→ **PROBLEM REQUIREMENTS**: This exercise asks for the entries to be repeated exactly, without their images.

== Segment start ==

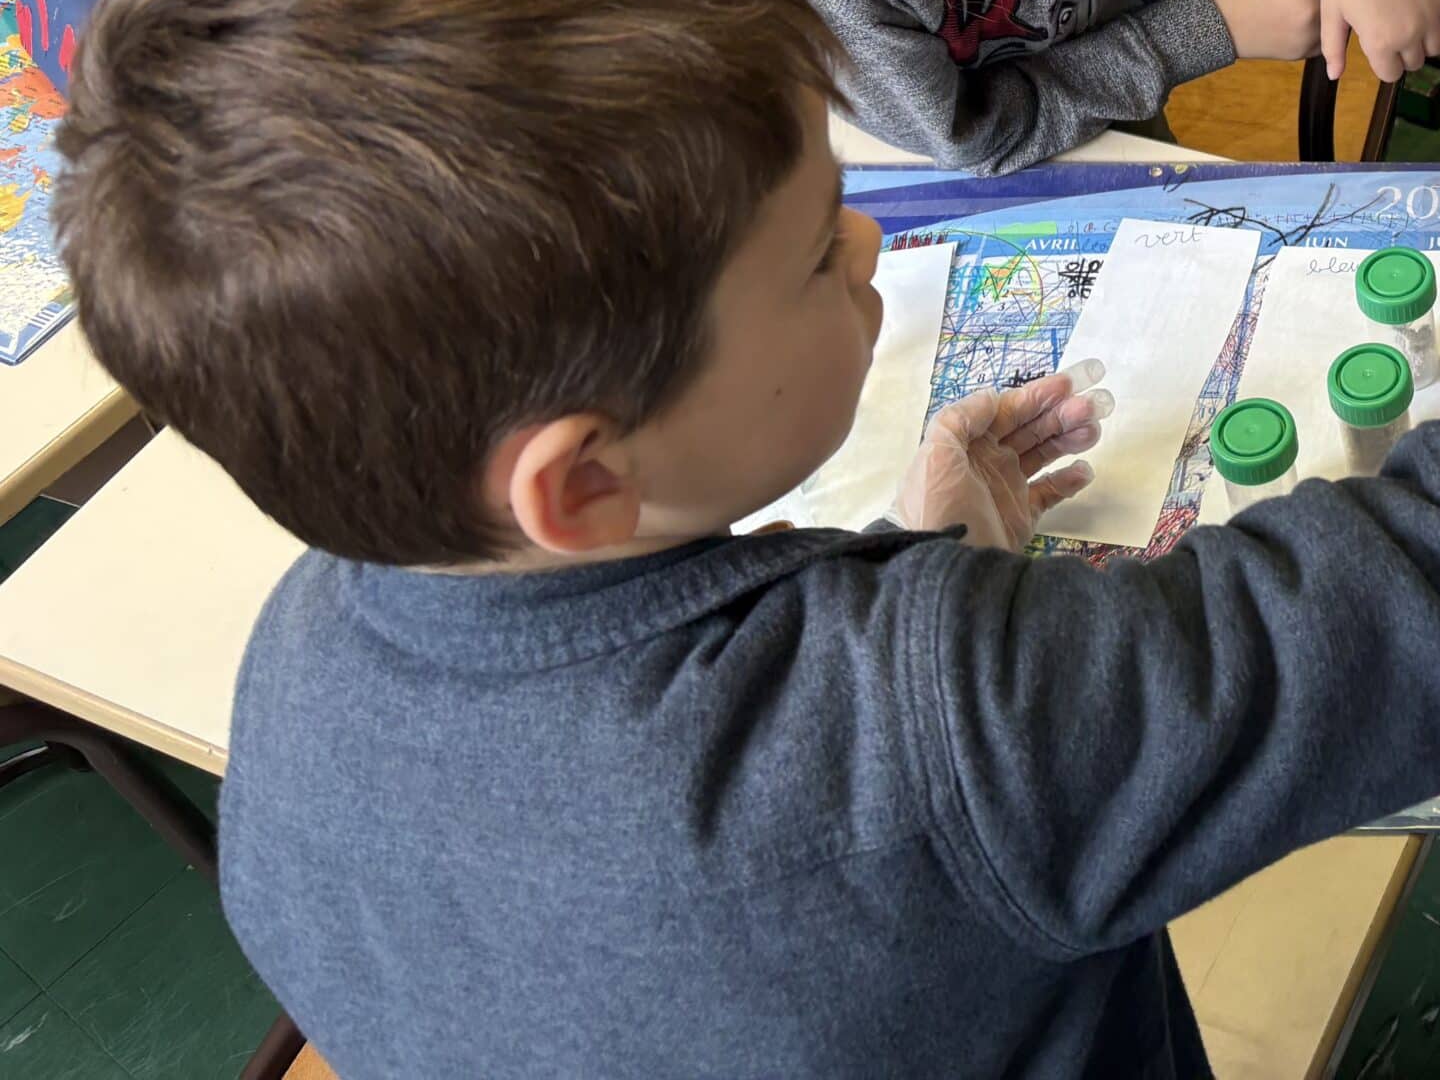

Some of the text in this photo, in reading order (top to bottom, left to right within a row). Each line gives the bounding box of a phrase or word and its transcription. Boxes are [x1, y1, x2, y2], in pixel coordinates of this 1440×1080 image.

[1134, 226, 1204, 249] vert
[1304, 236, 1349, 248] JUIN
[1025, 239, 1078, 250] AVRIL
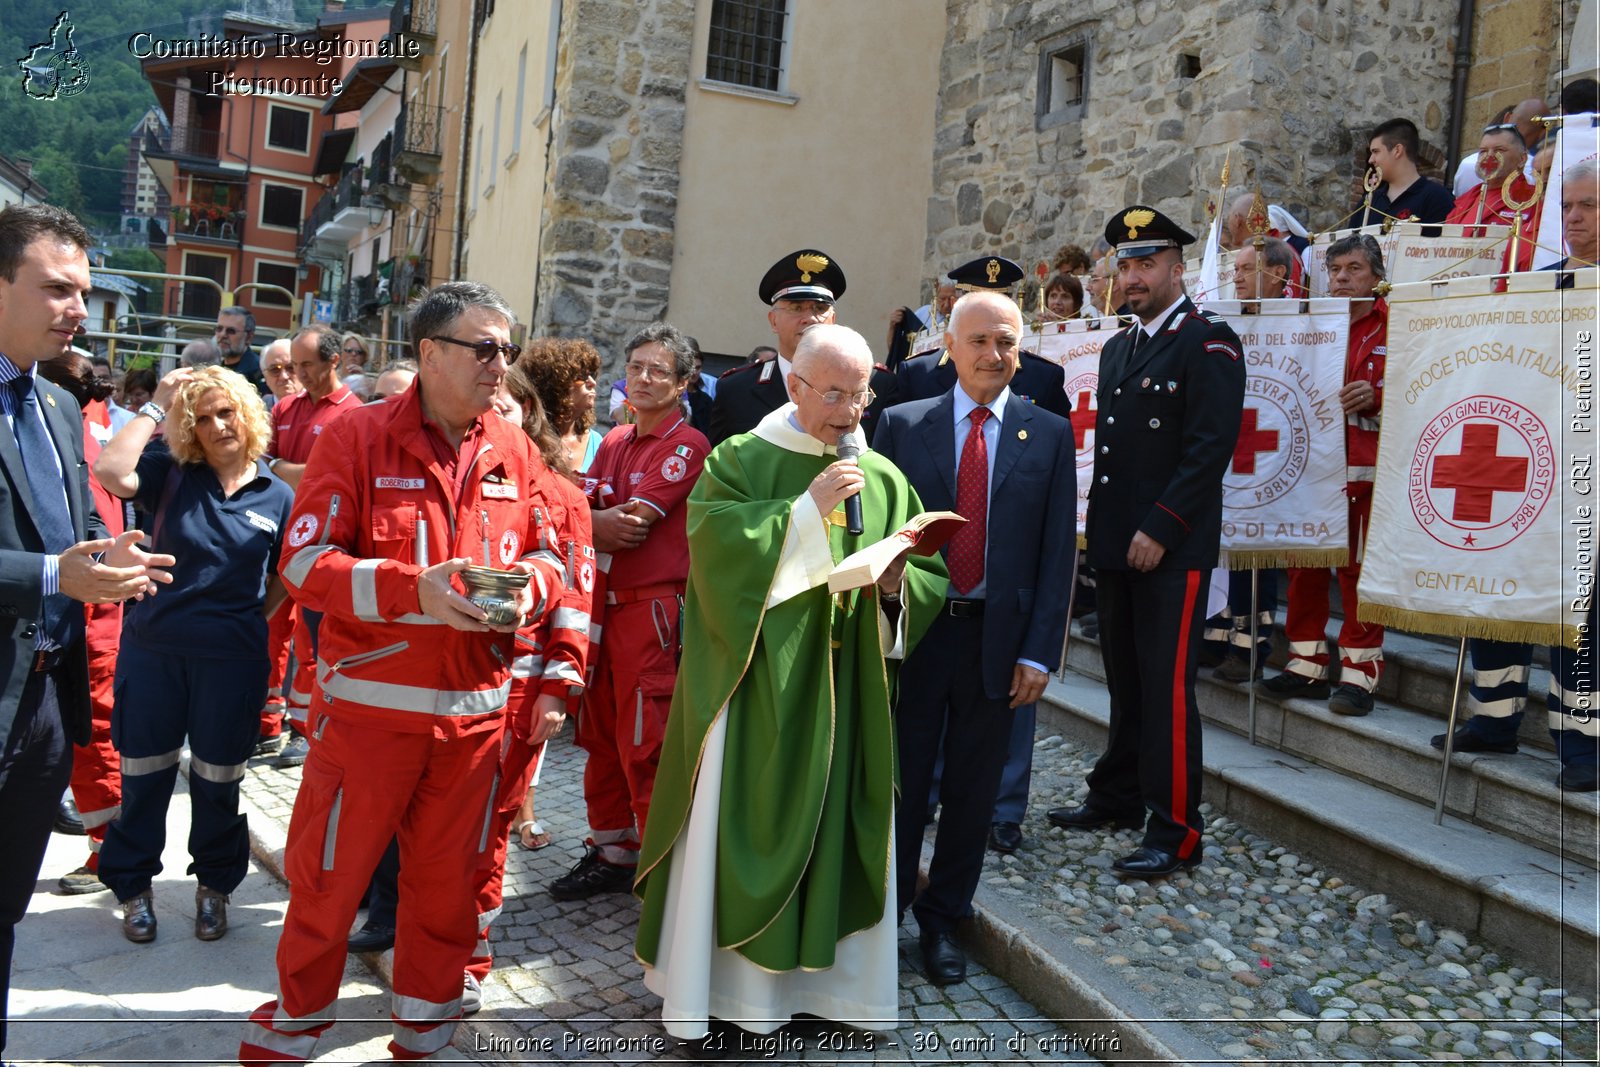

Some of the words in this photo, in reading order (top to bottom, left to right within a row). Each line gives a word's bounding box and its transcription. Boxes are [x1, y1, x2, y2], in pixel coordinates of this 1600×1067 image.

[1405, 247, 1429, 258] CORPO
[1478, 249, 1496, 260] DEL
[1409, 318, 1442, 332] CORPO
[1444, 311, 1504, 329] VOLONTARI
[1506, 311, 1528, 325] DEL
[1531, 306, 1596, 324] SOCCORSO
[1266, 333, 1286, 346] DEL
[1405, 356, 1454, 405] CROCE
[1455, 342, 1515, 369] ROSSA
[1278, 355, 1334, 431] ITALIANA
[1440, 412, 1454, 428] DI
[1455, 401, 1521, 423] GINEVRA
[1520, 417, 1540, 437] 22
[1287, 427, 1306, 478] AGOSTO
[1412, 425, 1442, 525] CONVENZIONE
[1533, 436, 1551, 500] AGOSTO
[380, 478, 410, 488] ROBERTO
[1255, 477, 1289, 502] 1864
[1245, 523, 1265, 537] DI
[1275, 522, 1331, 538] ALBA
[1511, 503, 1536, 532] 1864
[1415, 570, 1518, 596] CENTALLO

== Segment end ==

→ **COMPLETED EXERCISE**:
Some of the text in this photo, in reading order (top to bottom, left to right within a row). Each line gives the bounding box of a phrase or word and its transcription. Boxes are [x1, y1, x2, y2], in pixel coordinates of this 1440×1080 image.

[1134, 226, 1204, 249] vert
[1304, 236, 1349, 248] JUIN
[1025, 239, 1078, 250] AVRIL

Some of the words in this photo, in reading order (top to bottom, left to right within a row). Each line gives a word's bounding box and its transcription. Boxes are [x1, y1, x2, y2], in pixel coordinates of this 1600×1067 image.

[1405, 247, 1429, 258] CORPO
[1478, 249, 1496, 260] DEL
[1409, 318, 1442, 332] CORPO
[1444, 311, 1504, 329] VOLONTARI
[1506, 311, 1528, 325] DEL
[1531, 306, 1596, 324] SOCCORSO
[1266, 333, 1286, 346] DEL
[1405, 356, 1454, 405] CROCE
[1455, 342, 1515, 369] ROSSA
[1278, 355, 1334, 431] ITALIANA
[1440, 412, 1454, 428] DI
[1455, 401, 1521, 423] GINEVRA
[1520, 417, 1540, 437] 22
[1287, 427, 1306, 478] AGOSTO
[1412, 425, 1442, 525] CONVENZIONE
[1533, 436, 1551, 500] AGOSTO
[380, 478, 410, 488] ROBERTO
[1255, 477, 1289, 502] 1864
[1245, 523, 1265, 537] DI
[1275, 522, 1331, 538] ALBA
[1511, 503, 1536, 532] 1864
[1415, 570, 1518, 596] CENTALLO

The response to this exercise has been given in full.